= Beginning of Section =
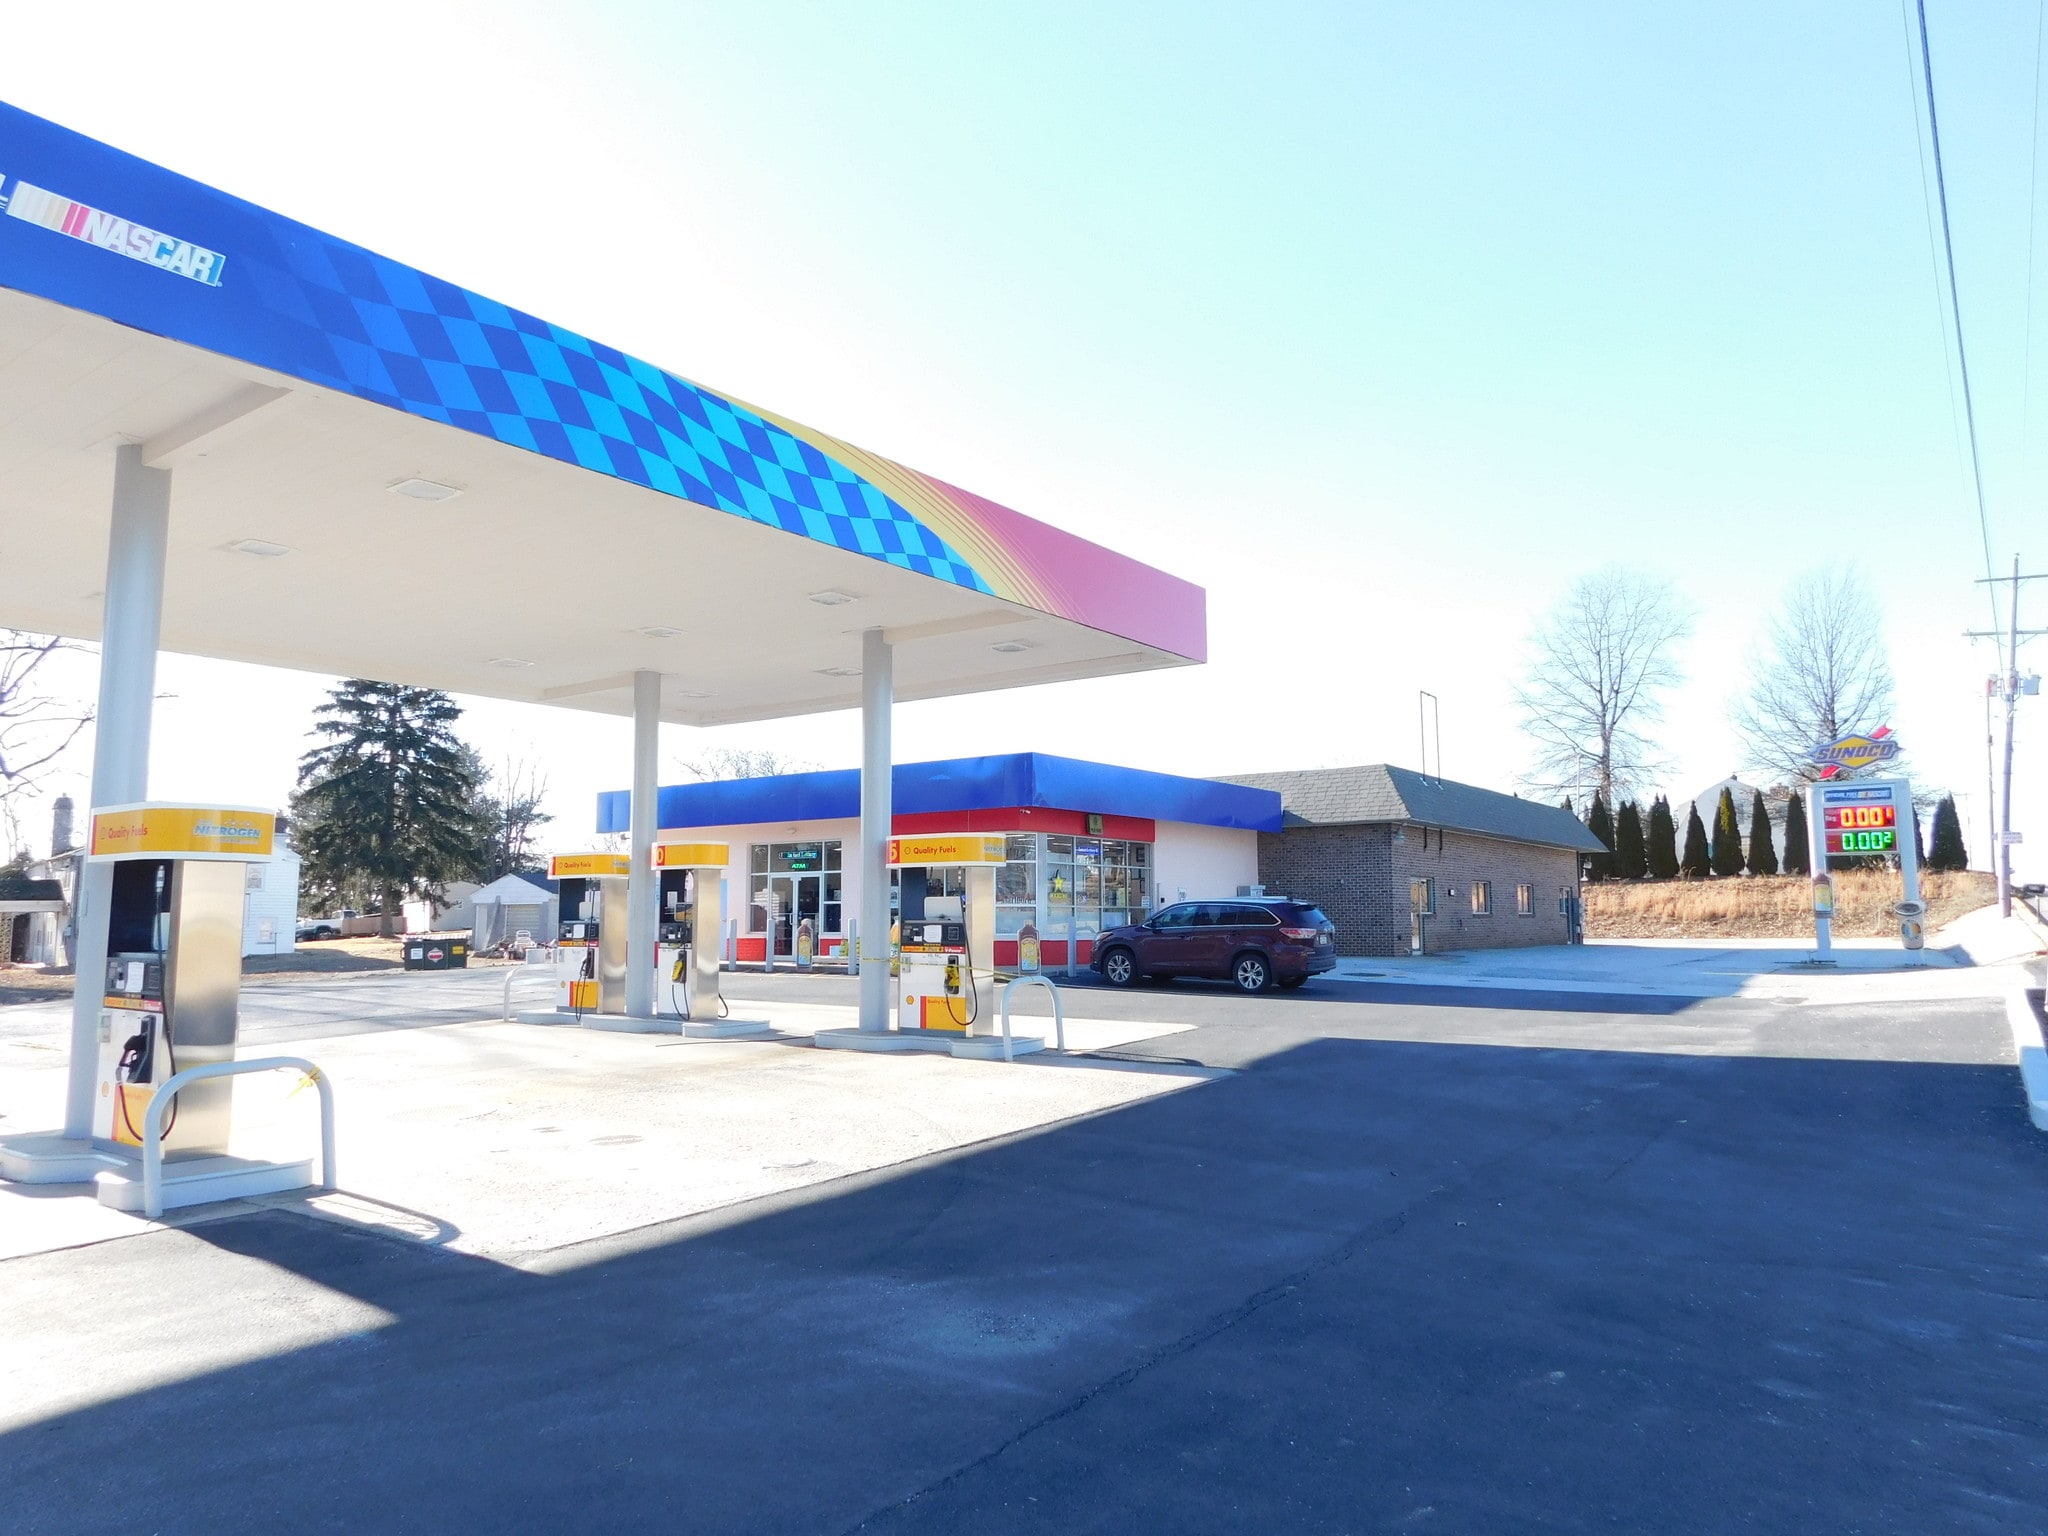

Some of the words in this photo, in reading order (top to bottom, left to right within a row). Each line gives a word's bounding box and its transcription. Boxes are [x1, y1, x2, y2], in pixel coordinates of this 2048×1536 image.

[79, 208, 216, 283] NASCAR
[1816, 744, 1894, 759] SUNOCO
[194, 824, 261, 838] NITROGEN
[913, 847, 937, 855] Quality
= End of Section =
Exercise details
A faithful, complete copy of the entries is required, without the pictures.

Solution to the problem
Some of the words in this photo, in reading order (top to bottom, left to right within a row). Each line gives a word's bounding box and its transcription. Boxes are [x1, y1, x2, y2], in pixel coordinates of this 2048×1536 image.

[79, 208, 216, 283] NASCAR
[1816, 744, 1894, 759] SUNOCO
[194, 824, 261, 838] NITROGEN
[913, 847, 937, 855] Quality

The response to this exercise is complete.